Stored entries
************
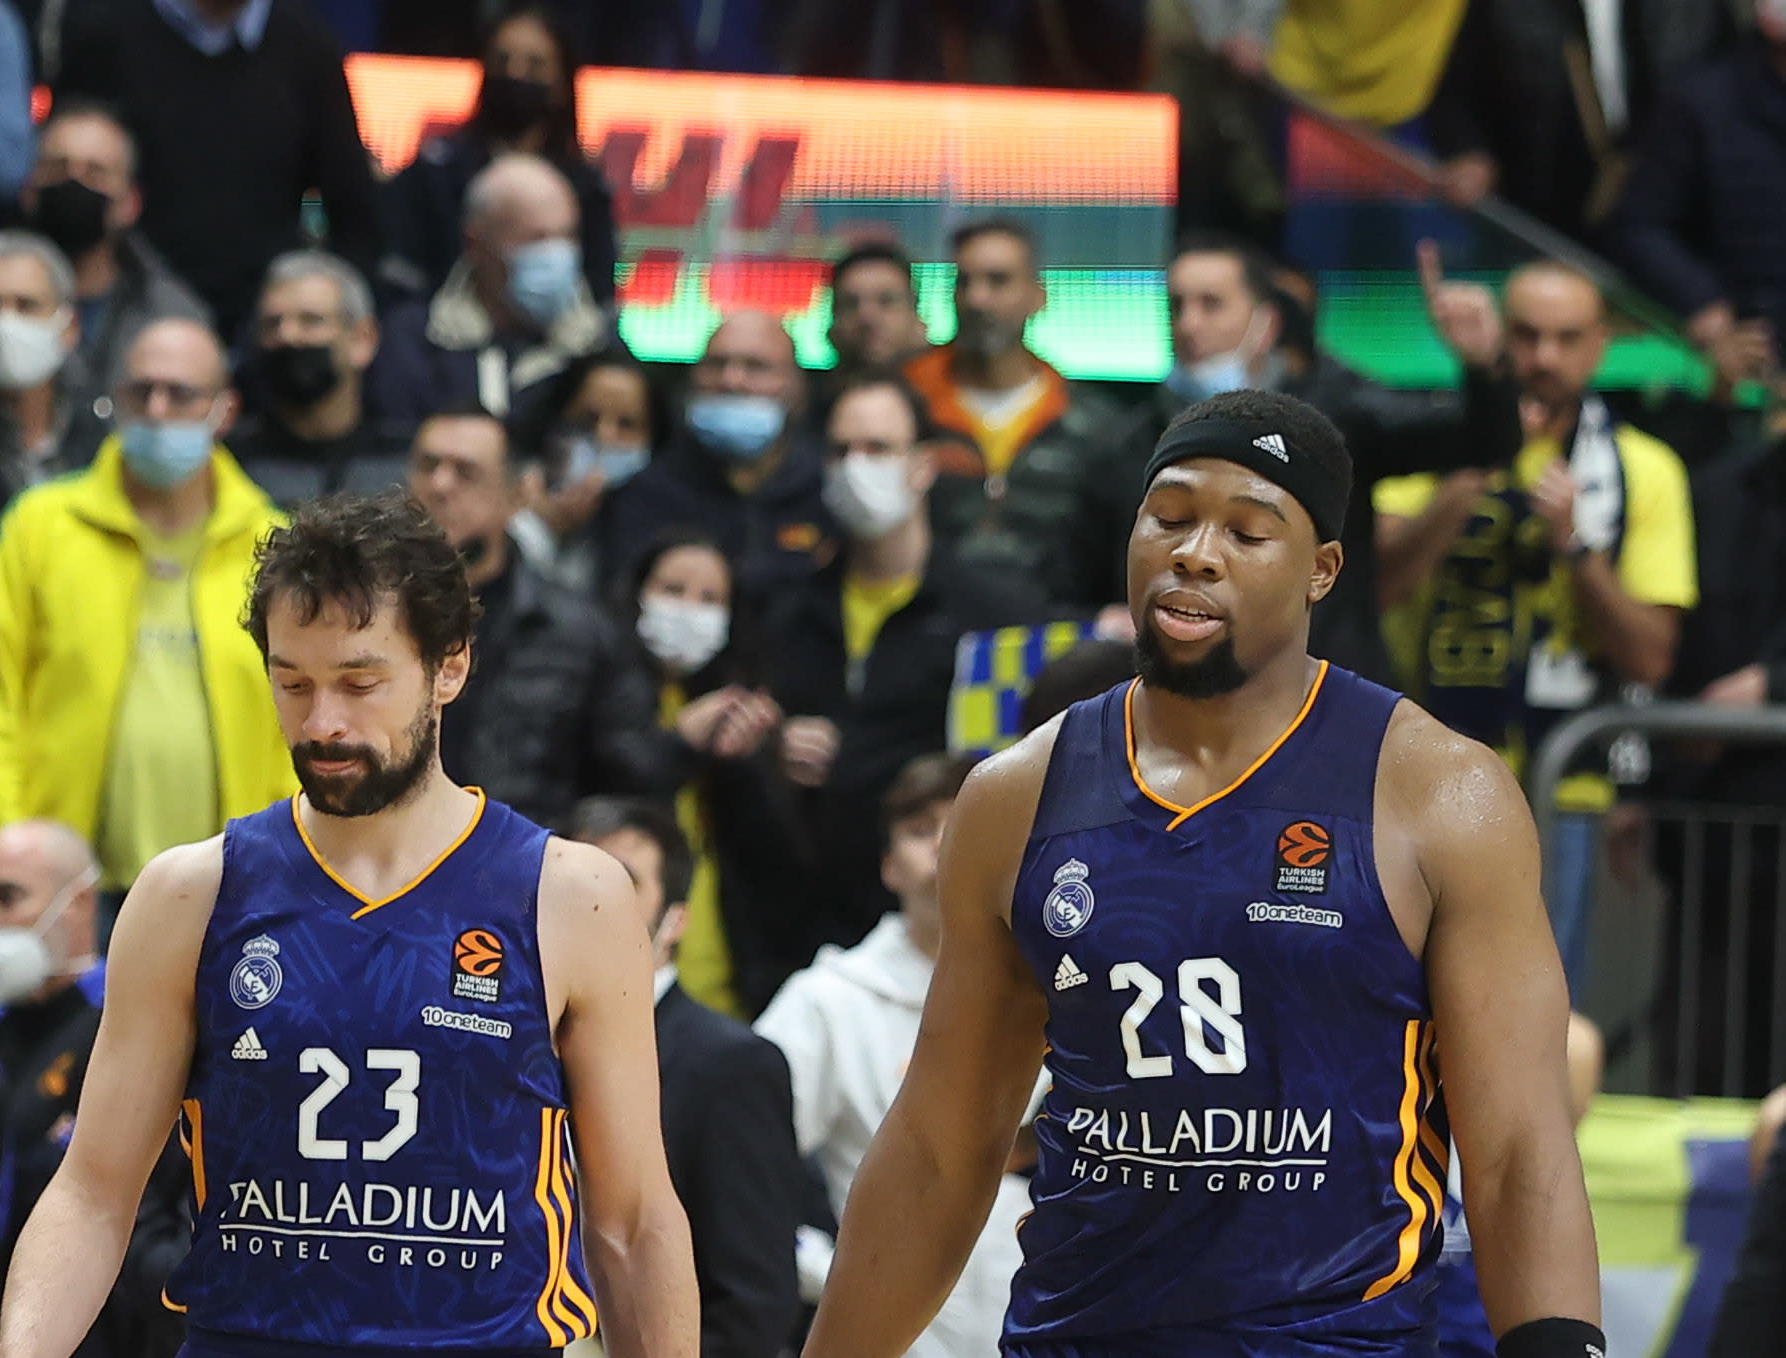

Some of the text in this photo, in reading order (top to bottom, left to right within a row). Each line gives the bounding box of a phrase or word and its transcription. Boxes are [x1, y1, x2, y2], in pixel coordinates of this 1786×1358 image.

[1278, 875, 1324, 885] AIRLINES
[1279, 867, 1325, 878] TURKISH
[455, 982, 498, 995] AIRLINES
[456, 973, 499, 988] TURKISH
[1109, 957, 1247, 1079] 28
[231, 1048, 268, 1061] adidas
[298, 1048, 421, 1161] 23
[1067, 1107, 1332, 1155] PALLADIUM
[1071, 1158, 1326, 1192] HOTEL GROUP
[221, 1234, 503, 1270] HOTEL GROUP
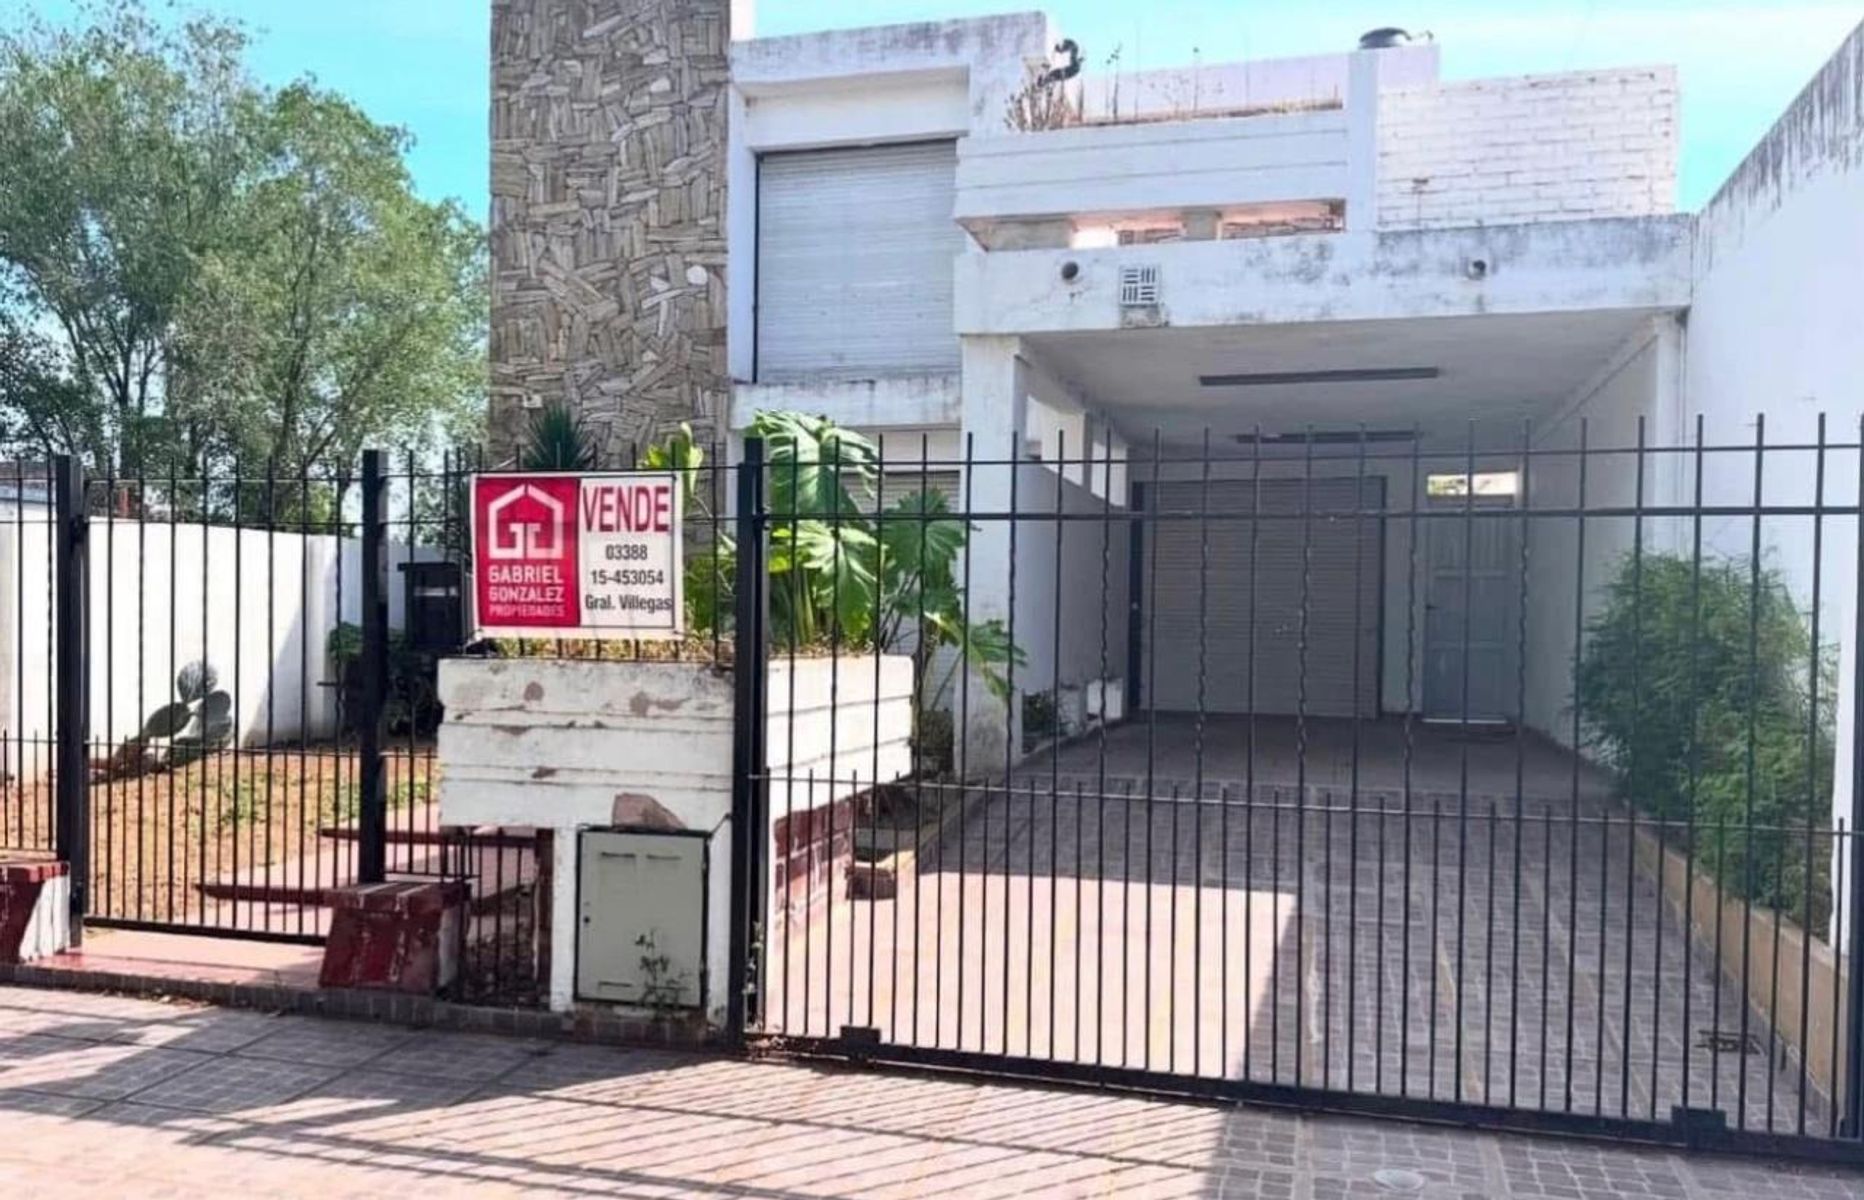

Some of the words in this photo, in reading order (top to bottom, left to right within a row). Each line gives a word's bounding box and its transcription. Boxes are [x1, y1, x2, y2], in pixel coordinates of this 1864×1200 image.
************
Your copy should hold every entry exactly as written, but none of the pictures.

Some of the text in this photo, in reading order (top to bottom, left to right within a row). Each line gives the bounding box of a phrase or word and its transcription. Boxes are [x1, y1, x2, y2], in pixel coordinates of this 1786×1358 image.

[1278, 875, 1324, 885] AIRLINES
[1279, 867, 1325, 878] TURKISH
[455, 982, 498, 995] AIRLINES
[456, 973, 499, 988] TURKISH
[1109, 957, 1247, 1079] 28
[231, 1048, 268, 1061] adidas
[298, 1048, 421, 1161] 23
[1067, 1107, 1332, 1155] PALLADIUM
[1071, 1158, 1326, 1192] HOTEL GROUP
[221, 1234, 503, 1270] HOTEL GROUP

Some of the words in this photo, in reading order (top to bottom, left to right within a row). Each line gives a word's bounding box and its transcription. Boxes are [x1, y1, x2, y2], in pixel coordinates of this 1864×1200 image.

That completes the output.